6) I love purses, shoes, and coats. I just picked out a new coat for Christmas! It's long, dark green, and has a very European feel with great buttons on the pockets. I love big leather bags, because I can put all my crap in them. And my favorite pair of shoes are a pair of black, leather, Ferregamo pumps that I got at Nordstrom Rack on sale when I was in school. Full price, I would have had to eat Top Ramen noodles for every meal for a year to pay for the them. Thank God for sales!

7) My favorite movie of all time is Can't Hardly Wait with Ethan Embry and Jennifer Love Hewitt. If I ever need a good laugh, I put it on. It's frickin hilarious.

Allison (Lemonade Life), Kassie, and anyone else who hasn't been tagged, give it a go!

Monday, November 19, 2007

Darn you, Water Heater!

I took this week off since I didn't want to start my new job right before a holiday. I came home from the gym this morning and got a loud knock on my door. A plumber sent by the condo association was at the door to inform me that there was a leak coming from somewhere in my condo. Unaware, I let the plumber break into the utility closet that our landlord didn't give us the key for, and of course, there's 2 inches of sitting water coming from our water heater.

They're sending another plumber out tomorrow to fix the valve that is broken, and a contractor to make sure there isn't any water damage to the wall and no mold since I'm allergic.

Ugh, it sucks to be an adult....can I go back to college?

Sunday, November 18, 2007

Brothers and Sisters

I finished watching disc one of ABC's Brothers and Sisters and one of the characters has a daughter that was diagnosed with diabetes. I assume type 1 because she has all of the symptoms (going to the bathroom and drinking tons of water), but even in a scene where the family is in the hospital, they never say which type. Ergh...do any of you all watch Brothers and Sisters???

Saturday, November 17, 2007

More about "Him"

Ross and I met for the first time when we were in 9th grade, during Mr. Pell's Social Studies class. He was a smart guy who played soccer, but I was interested in other people. He was dating a girl named Allison but I always thought he was really cute.

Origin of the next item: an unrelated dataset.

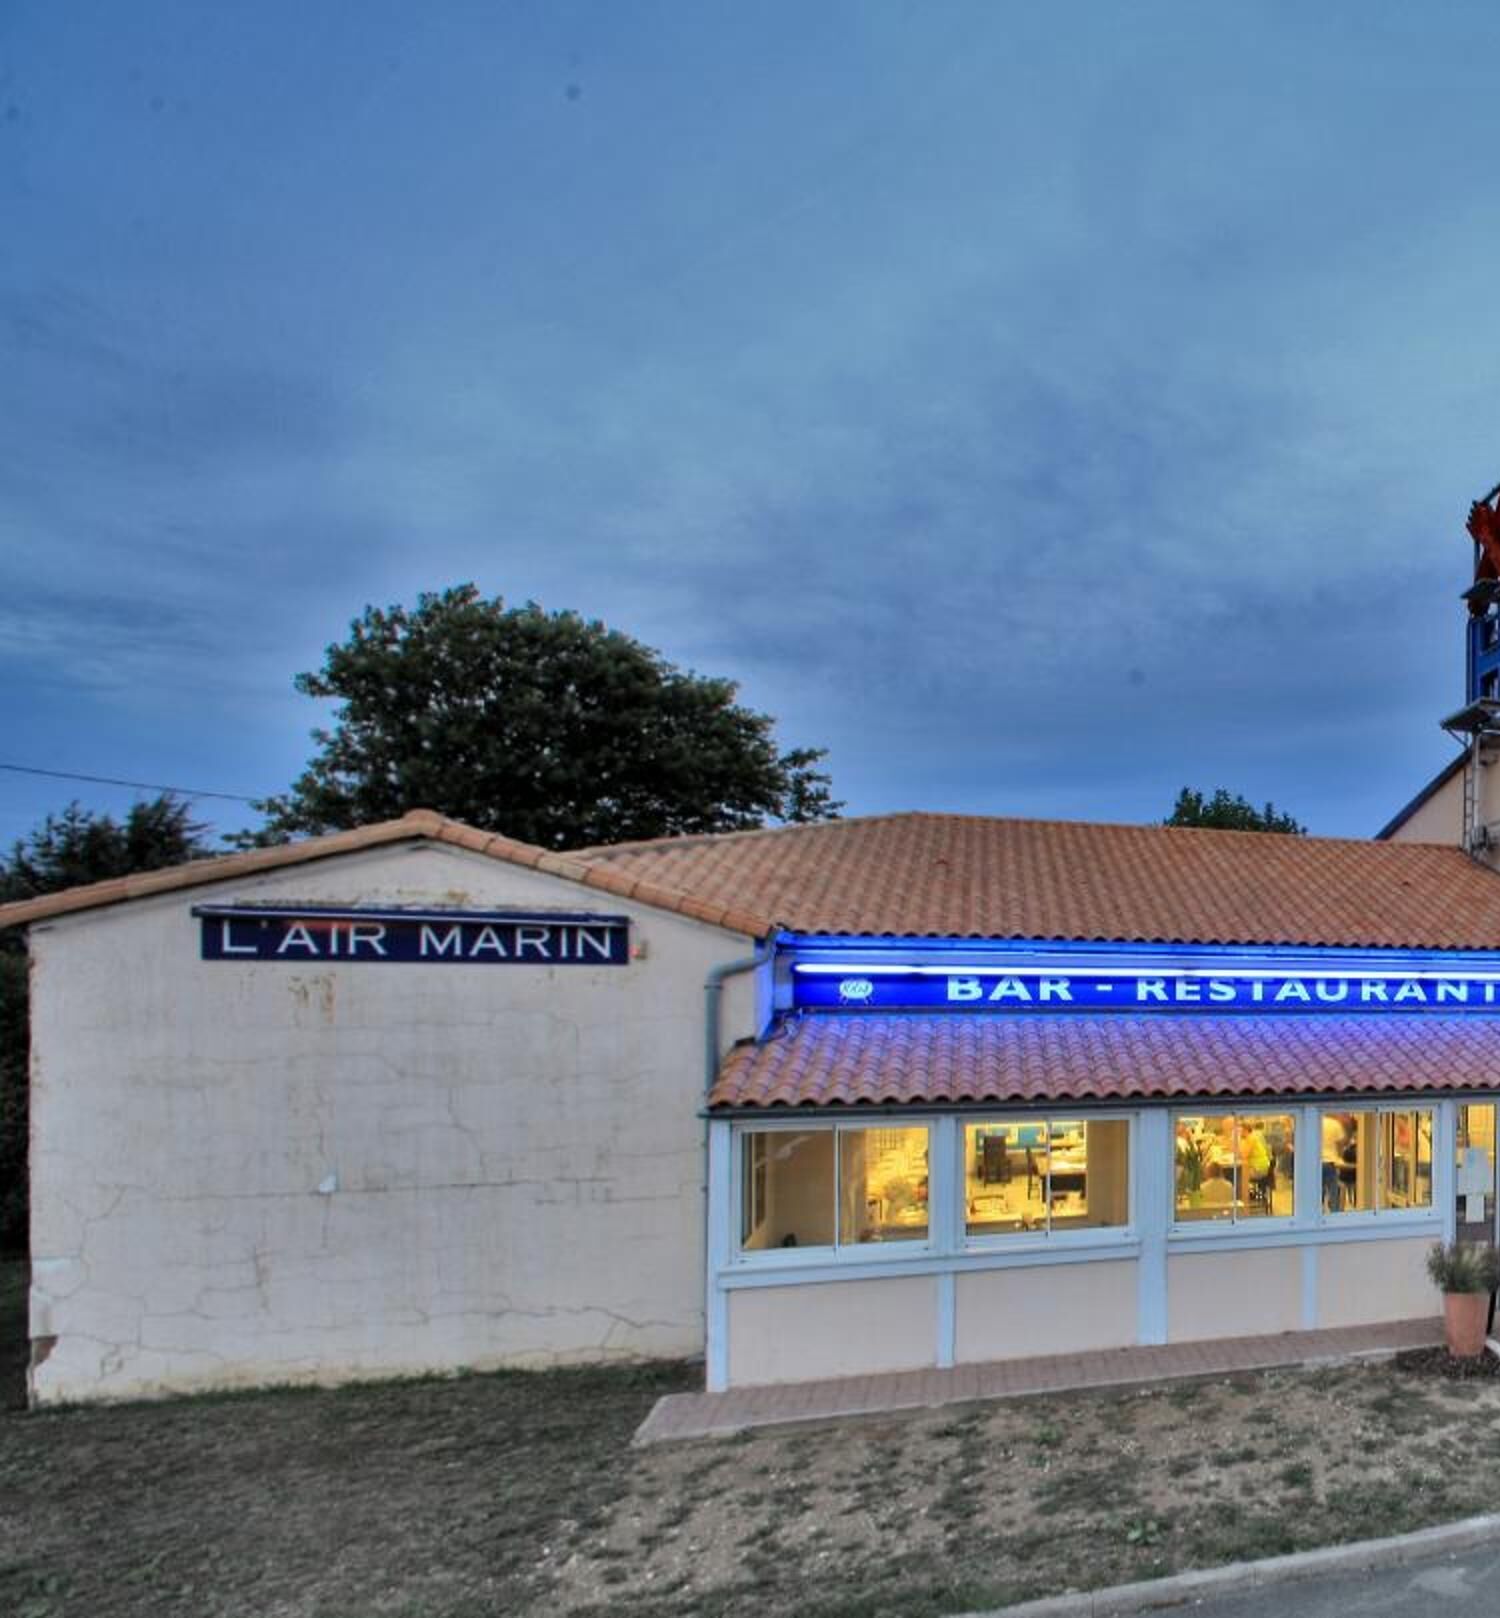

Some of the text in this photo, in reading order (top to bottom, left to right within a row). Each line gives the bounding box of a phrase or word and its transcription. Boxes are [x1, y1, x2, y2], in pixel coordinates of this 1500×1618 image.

[222, 920, 612, 958] L'AIR MARIN
[947, 975, 1073, 1001] BAR

Fast forward two years. My good friend Stefanie, who I played softball with, liked Ross and I would throw the softball over hear head during warm-ups so that she would have to talk to Ross to get it. That summer she started dating Ross' best friend.

A few months later, a mutual friend of ours invited me over to hang out and after a night of truth or dare. I realized that Ross was a really cool guy. That week we talked online and hung out. He invited me to see Ocean's 11 with him on a Saturday evening and he kissed me after he walked me to my car. The next day, after school, he called me and asked me to be his girlfriend.

We dated throughout high school, and decided to try and make it work when we went to college, 2 hours apart, even though everyone including our parents told us that it probably wouldn't work out. We broke up for 4 days during the first month of freshman year in college.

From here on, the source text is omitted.